Sebastian H 01.29.19 at 6:37 am

“It is a bit of a puzzle to trace Seuss’ own influence. It seems like he ought to have been copied more often than it seems he has been. The little things that make him recogizable have not, in fact, been widely imitated. Although some of the larger craziness has had an impact.”

The Animaniacs? Though maybe I’m just allying two types of zaniness as if they were one.

7

John Holbo 01.29.19 at 7:43 am

Yeah, I think that’s common zaniness at a higher level. The way to think about that one, formally, is like this: the Animaniacs are heirs to a ‘squash-and-stretch’ Disney line, graphically. It would be very difficult to animate Seuss, as it is drawn, because there are actually so few poses that are characteristic of it. It’s like all the terrible trouble they had animating “Peanuts” in the 60’s. (Another good story!) Seuss characters aren’t really designed to move and rotate through all possible positions.

8

Jeff R. 01.29.19 at 8:35 pm

Phil and Kaja Foglio are the most Seuss-like cartoonists I can think of.

9

John Holbo 01.30.19 at 6:41 am

Phil Foglio! That’s interesting. I’ve been staring at his stuff since it appeared in “Dragon” magazine way back in the 80’s. It’s never done much for me, honestly. Too shiny! I guess there is a certain Seussity to it. But again – as with many artists – it’s the little things. Seuss’ little things have never caught on – just his big dreams. But the little things are why we know a drawing is by Seuss. (I don’t know about Kaja Foglio. I guess I never gave her a chance because I never got into her husband’s work.)

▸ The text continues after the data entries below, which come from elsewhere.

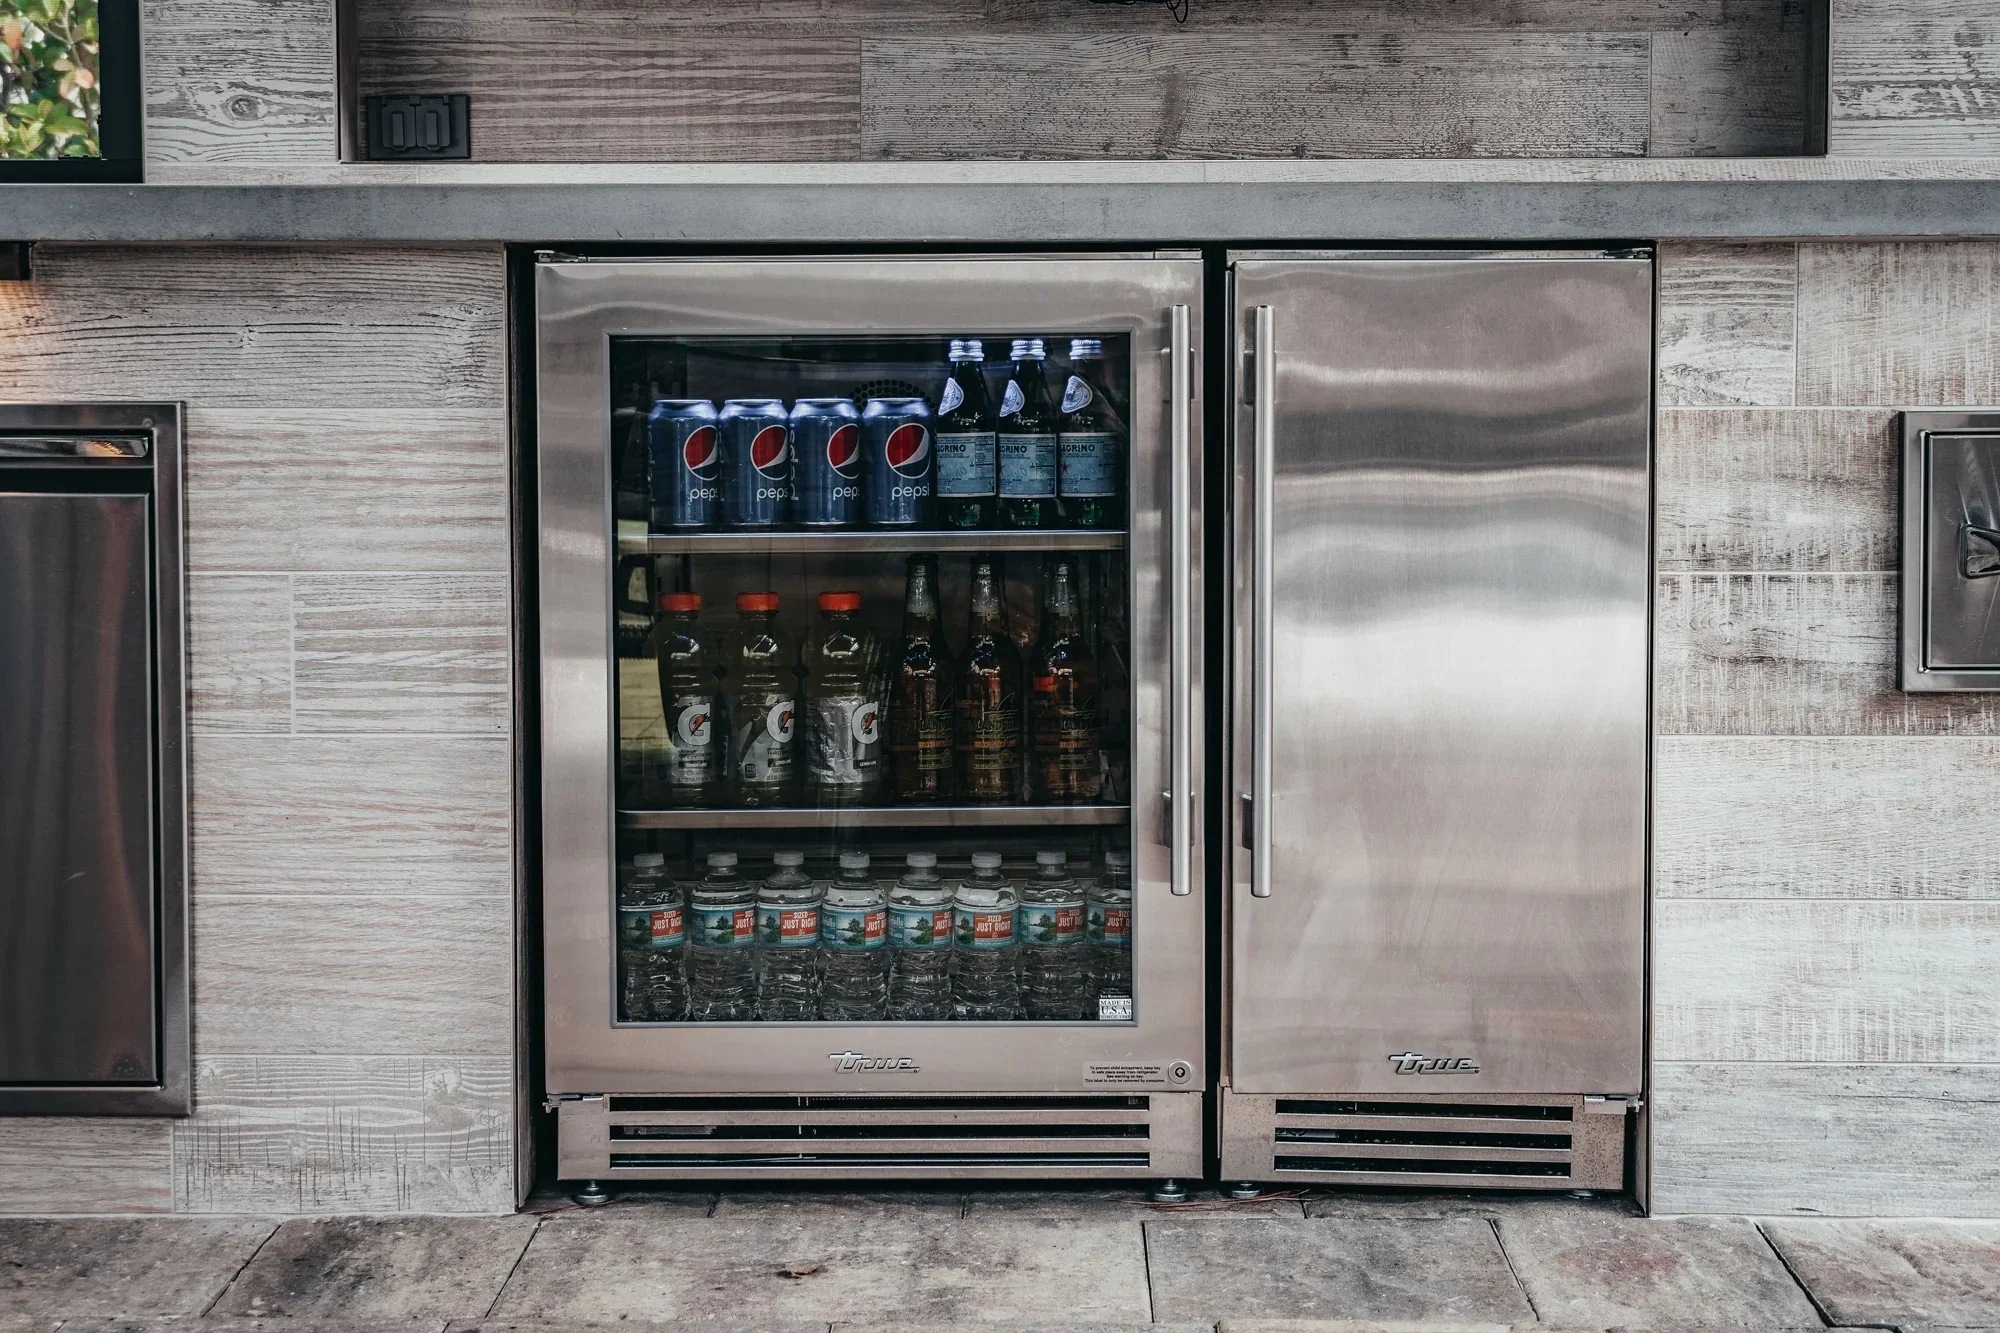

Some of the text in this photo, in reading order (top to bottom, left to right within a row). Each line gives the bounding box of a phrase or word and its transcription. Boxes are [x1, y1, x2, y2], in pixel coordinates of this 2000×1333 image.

[891, 482, 930, 500] pepsi
[677, 702, 711, 747] G
[766, 700, 795, 743] G
[851, 701, 878, 745] G
[663, 910, 676, 919] SIZED
[793, 911, 808, 919] SIZED
[653, 919, 669, 930] JUST
[735, 918, 749, 929] JUST
[782, 919, 799, 929] JUST
[801, 917, 817, 929] RIGHT
[867, 920, 880, 931] JUST
[935, 918, 948, 930] JUST
[976, 920, 1011, 932] JUST RIGHT
[1058, 916, 1074, 927] JUST
[1106, 916, 1124, 927] JUST
[1101, 1006, 1131, 1015] U.S.A.

I remember one really funny joke from Phil Foglio from “Dragon”. I don’t even remember what his strip was, at the back of the magazine. But one of the installments was all about replicating the effects of dungeoning on the the human body. He suggested tying 13 cats to your body and then whacking two phonebooks together, at arm’s length for 20 minutes, while taking a cold shower. That’s funny. Kids today wouldn’t get it. What’s a phonebook? Is that like … an ebook?

10

Another Nick 01.30.19 at 9:26 am

11

Another Nick 01.30.19 at 10:53 am

Nice picture by the way John! Very cool.

12

John Holbo 02.01.19 at 4:24 am

Yeah, Wilhelm Busch. Totally, should have mentioned that. In the biographies that is definitely mentioned. Good stuff! Glad you like the Steven Universe fanart!

13

John Holbo 02.01.19 at 4:29 am

That’s good about the butts. I never really thought about whether Seuss got his butts from Busch. Could be! The thing with squash-and-stretch is that it is a very technical, animation key pose concept. The ones you link are for sure squashing and stretching, but not in the technical sense.

https://blog.animationmentor.com/squash-and-stretch-the-12-basic-principles-of-animation/

Disney animators figured out how to get movement to ‘read’ as movement very strongly – how to trigger a super strong recognition response. And some of that visual vocabulary then bled back into comics. This produced a line of powerful, simple forms. But Seuss is in a different line. And Busch is in a different line, too.